*Instructions for the task:* Exact wording is required for every entry; transcribe all of them and leave the images out.

*Information provided:*
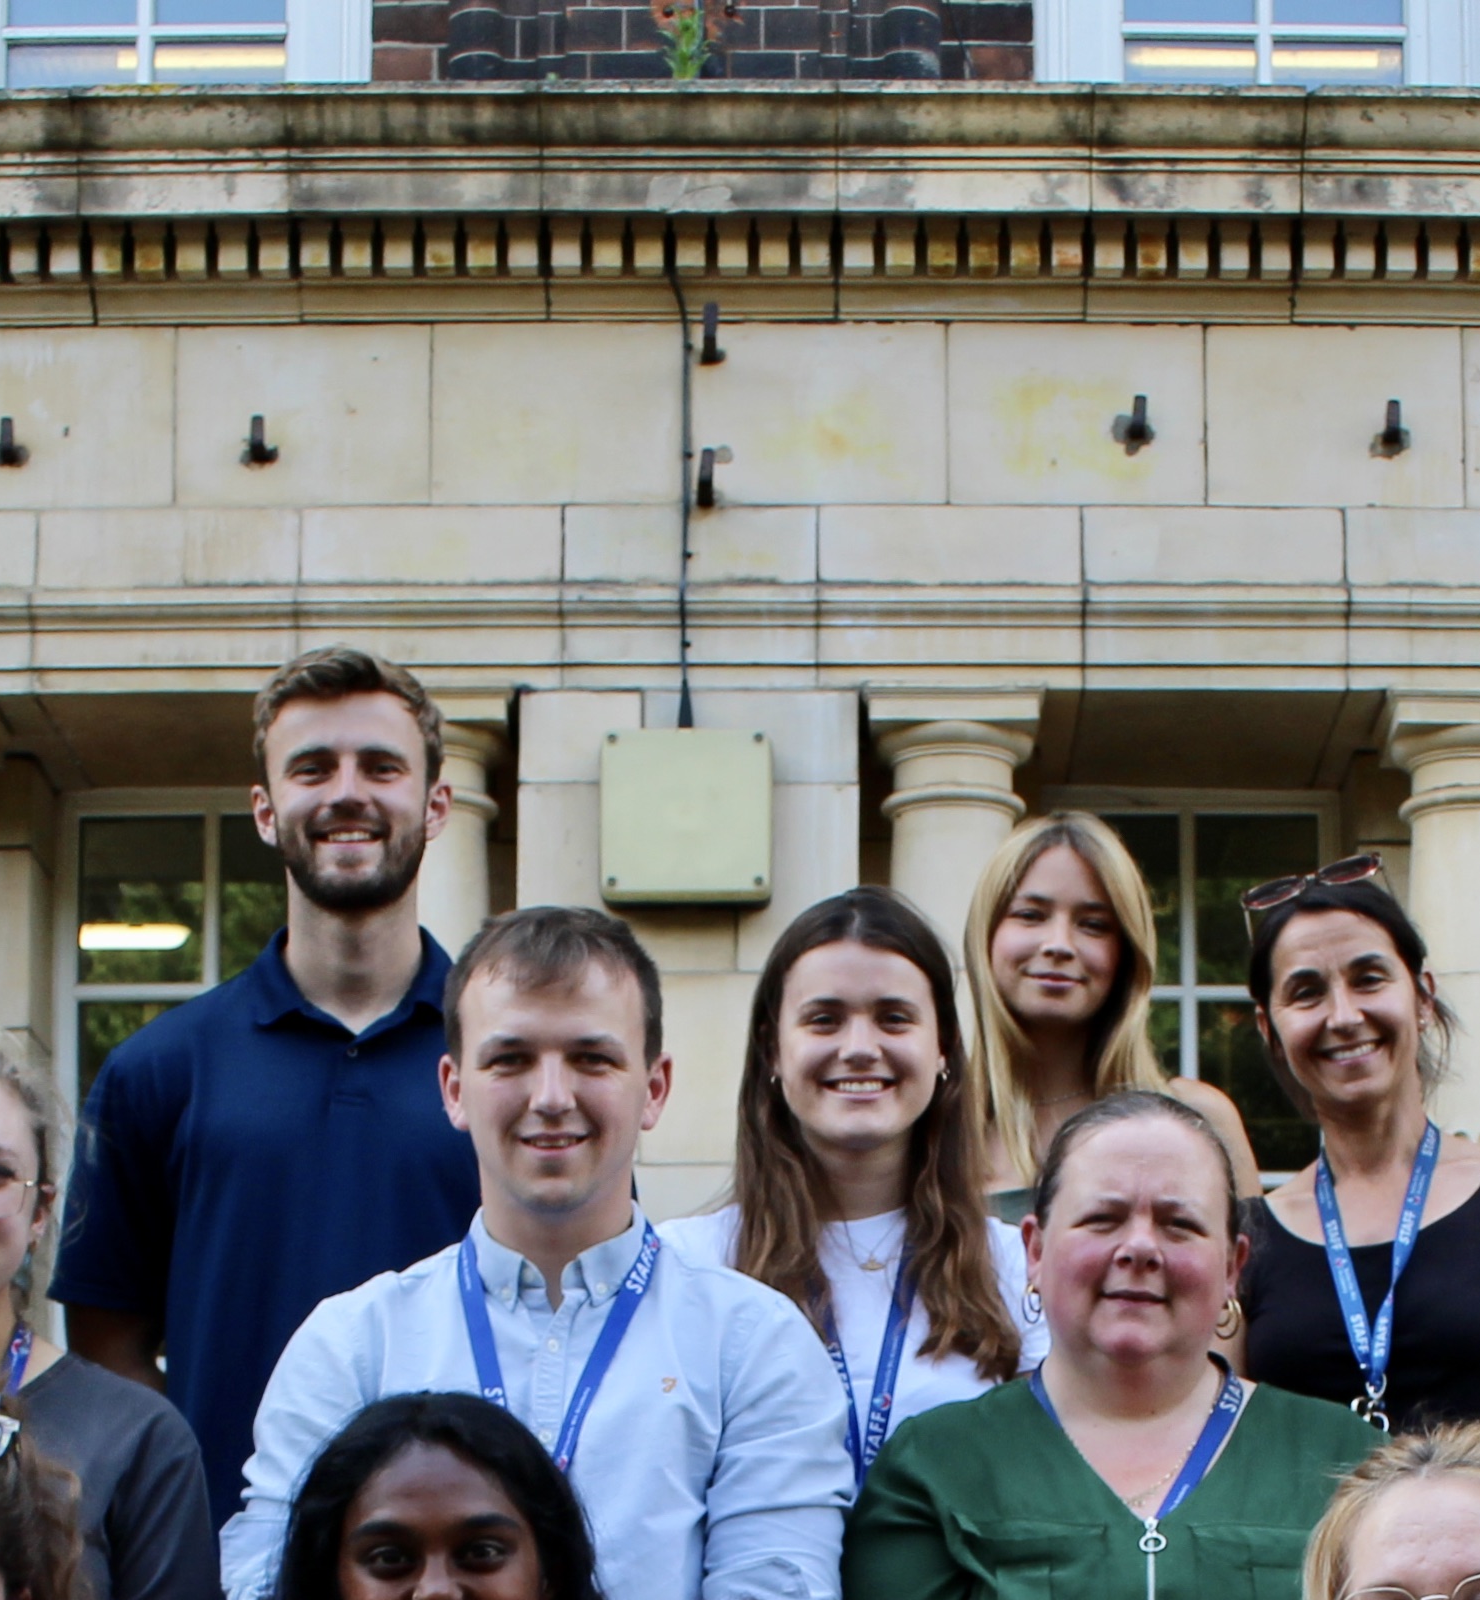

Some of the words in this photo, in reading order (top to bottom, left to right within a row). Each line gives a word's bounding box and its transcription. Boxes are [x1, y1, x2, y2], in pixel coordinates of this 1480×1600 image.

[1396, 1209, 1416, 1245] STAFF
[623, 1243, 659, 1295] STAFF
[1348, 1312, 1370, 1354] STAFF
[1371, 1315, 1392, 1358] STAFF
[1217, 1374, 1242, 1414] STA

*Solution to this task:*
Some of the words in this photo, in reading order (top to bottom, left to right within a row). Each line gives a word's bounding box and its transcription. Boxes are [x1, y1, x2, y2], in pixel coordinates of this 1480×1600 image.

[1396, 1209, 1416, 1245] STAFF
[623, 1243, 659, 1295] STAFF
[1348, 1312, 1370, 1354] STAFF
[1371, 1315, 1392, 1358] STAFF
[1217, 1374, 1242, 1414] STA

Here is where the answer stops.